Подкаст «Слушай ложь» (страница 6)
Айви: Когда Люси вернулась в город. Савви была тут… ну, ты и так знаешь. Она была тут уже пару лет после школы, учеба в колледже не задалась. Она как-то пришла в гости на воскресный ужин и сказала: «Мама, ты же помнишь Люси Чейс?» А я ее не помнила. Пришлось напоминать. Та девочка, которую наказали за то, что она ударила какого-то мальчика. В то время Люси была известна этим… Так вот, Савви говорит: «Она вышла замуж за парня, с которым познакомилась в ТУ», – это Техасский университет, дружок, – «и они сюда переехали. Мы разговорились, когда она пришла в “Чарльз”». «Чарльз» – это богатенький ресторан в центре города, Савви работала там в баре.
Бен: И так началась их дружба?
Айви: Да. Савви сказала, что сначала это было как-то странно. Люси сразу спросила, как Савви в Тьюлейне, и той, конечно же, пришлось рассказать, что она отчислилась после первого курса. Она… [долгий вздох]. Савви тогда как бы пыталась найти позитив в своей ситуации, можно сказать, смеялась сама над собой.

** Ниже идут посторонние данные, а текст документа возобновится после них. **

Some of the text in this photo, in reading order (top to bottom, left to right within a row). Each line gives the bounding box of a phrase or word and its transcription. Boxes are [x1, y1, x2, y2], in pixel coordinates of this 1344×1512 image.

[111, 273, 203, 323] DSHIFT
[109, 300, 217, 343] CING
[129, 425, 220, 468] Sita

Смеялась, чтобы кто-то другой не посмеялся над ней первым, сам понимаешь. Мне это не нравилось.
Бен: Что, например, она говорила?
Айви: Что-то типа: «Я поступила на факультет тусовок» или: «Я была ужасной студенткой, но просто потрясающей собутыльницей». От таких фраз создавалось впечатление, что она глупая, но она не была глупой. В Тьюлейн она поступила по гранту. Ей-богу, да она была почетной выпускницей! Она просто была слишком молодой. Знаю, что для многих восемнадцатилетних ребят уехать из дома не беда, но у Саванны было не так. Она просто была нежной девушкой, не готовой к самостоятельной жизни. Но уже потихоньку вставала на ноги – как раз когда Люси вернулась в город.
Бен: Вы сказали, что сначала было неловко. Это из-за истории с колледжем?
Айви: Савви сказала, что у Люси сначала был какой-то неловкий вид, и Мэтту пришлось влезть в разговор, чтобы ее спасти. Мэтт вообще все время это делал. Он просто душка. Не знаю, чем ему Люси так приглянулась. В общем, наверное, Люси с Савви разговорились, решили на следующий день встретиться и выпить по бокальчику. Но мне, честно говоря, все это сразу не понравилось.
Бен: Почему же?
Айви: Было ощущение, что Люси жалела Савви. Смотрела на нее свысока. Люси вернулась в родной город с богатым мужем-красавцем, они купили шикарный старый дом, она помогала мужу открыть какой-то там модный ресторан-пивную… И вот она сталкивается со школьной королевой, которая бросила колледж и стала барменшей. Понимаешь? Было очевидно, что Люси довольна таким поворотом событий.
Бен: Савви так считала?
Айви: Нет. Во всяком случае, она не говорила. Но когда речь шла о Люси, у нее будто пелена перед глазами вставала. Она не видела ее настоящую. До последнего.
Глава 7
ЛЮСИ
Спальня, в которой я провела первые восемнадцать лет жизни, теперь выглядит совершенно иначе. Перед переездом в Лос-Анджелес я тут все убрала. Сняла всё со стен и упаковала в коробки, достала все вещи из шкафа и комода, вытащила из стола все старые тетрадки и школьные бумаги.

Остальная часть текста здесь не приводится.